### EXERCISE DATA
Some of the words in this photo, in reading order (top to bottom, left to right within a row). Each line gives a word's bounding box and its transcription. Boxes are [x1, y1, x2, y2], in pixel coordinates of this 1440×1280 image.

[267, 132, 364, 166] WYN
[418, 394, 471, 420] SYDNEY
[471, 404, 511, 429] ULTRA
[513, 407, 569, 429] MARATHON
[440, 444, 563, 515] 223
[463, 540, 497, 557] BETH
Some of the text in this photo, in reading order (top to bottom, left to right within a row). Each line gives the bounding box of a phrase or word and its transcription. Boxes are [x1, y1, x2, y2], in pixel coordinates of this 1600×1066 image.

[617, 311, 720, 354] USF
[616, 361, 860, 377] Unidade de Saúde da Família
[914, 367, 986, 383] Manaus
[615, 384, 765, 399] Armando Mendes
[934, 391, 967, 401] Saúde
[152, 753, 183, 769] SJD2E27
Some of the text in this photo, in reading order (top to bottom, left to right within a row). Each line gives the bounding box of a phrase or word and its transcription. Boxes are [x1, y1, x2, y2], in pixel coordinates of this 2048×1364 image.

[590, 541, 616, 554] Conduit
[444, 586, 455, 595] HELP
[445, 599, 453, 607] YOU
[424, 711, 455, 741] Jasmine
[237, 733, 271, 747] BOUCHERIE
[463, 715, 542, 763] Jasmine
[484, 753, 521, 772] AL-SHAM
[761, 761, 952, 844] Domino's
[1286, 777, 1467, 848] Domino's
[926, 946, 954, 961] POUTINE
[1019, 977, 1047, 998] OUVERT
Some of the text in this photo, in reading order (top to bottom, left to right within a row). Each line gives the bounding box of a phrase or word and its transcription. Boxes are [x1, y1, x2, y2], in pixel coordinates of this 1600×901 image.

### TASK DESCRIPTION
Since the material above must be kept intact, output it exactly as it is.

### EXERCISE OUTPUT
Some of the words in this photo, in reading order (top to bottom, left to right within a row). Each line gives a word's bounding box and its transcription. Boxes are [x1, y1, x2, y2], in pixel coordinates of this 1440×1280 image.

[267, 132, 364, 166] WYN
[418, 394, 471, 420] SYDNEY
[471, 404, 511, 429] ULTRA
[513, 407, 569, 429] MARATHON
[440, 444, 563, 515] 223
[463, 540, 497, 557] BETH
Some of the text in this photo, in reading order (top to bottom, left to right within a row). Each line gives the bounding box of a phrase or word and its transcription. Boxes are [x1, y1, x2, y2], in pixel coordinates of this 1600×1066 image.

[617, 311, 720, 354] USF
[616, 361, 860, 377] Unidade de Saúde da Família
[914, 367, 986, 383] Manaus
[615, 384, 765, 399] Armando Mendes
[934, 391, 967, 401] Saúde
[152, 753, 183, 769] SJD2E27
Some of the text in this photo, in reading order (top to bottom, left to right within a row). Each line gives the bounding box of a phrase or word and its transcription. Boxes are [x1, y1, x2, y2], in pixel coordinates of this 2048×1364 image.

[590, 541, 616, 554] Conduit
[444, 586, 455, 595] HELP
[445, 599, 453, 607] YOU
[424, 711, 455, 741] Jasmine
[237, 733, 271, 747] BOUCHERIE
[463, 715, 542, 763] Jasmine
[484, 753, 521, 772] AL-SHAM
[761, 761, 952, 844] Domino's
[1286, 777, 1467, 848] Domino's
[926, 946, 954, 961] POUTINE
[1019, 977, 1047, 998] OUVERT
Some of the text in this photo, in reading order (top to bottom, left to right within a row). Each line gives the bounding box of a phrase or word and its transcription. Boxes are [x1, y1, x2, y2], in pixel coordinates of this 1600×901 image.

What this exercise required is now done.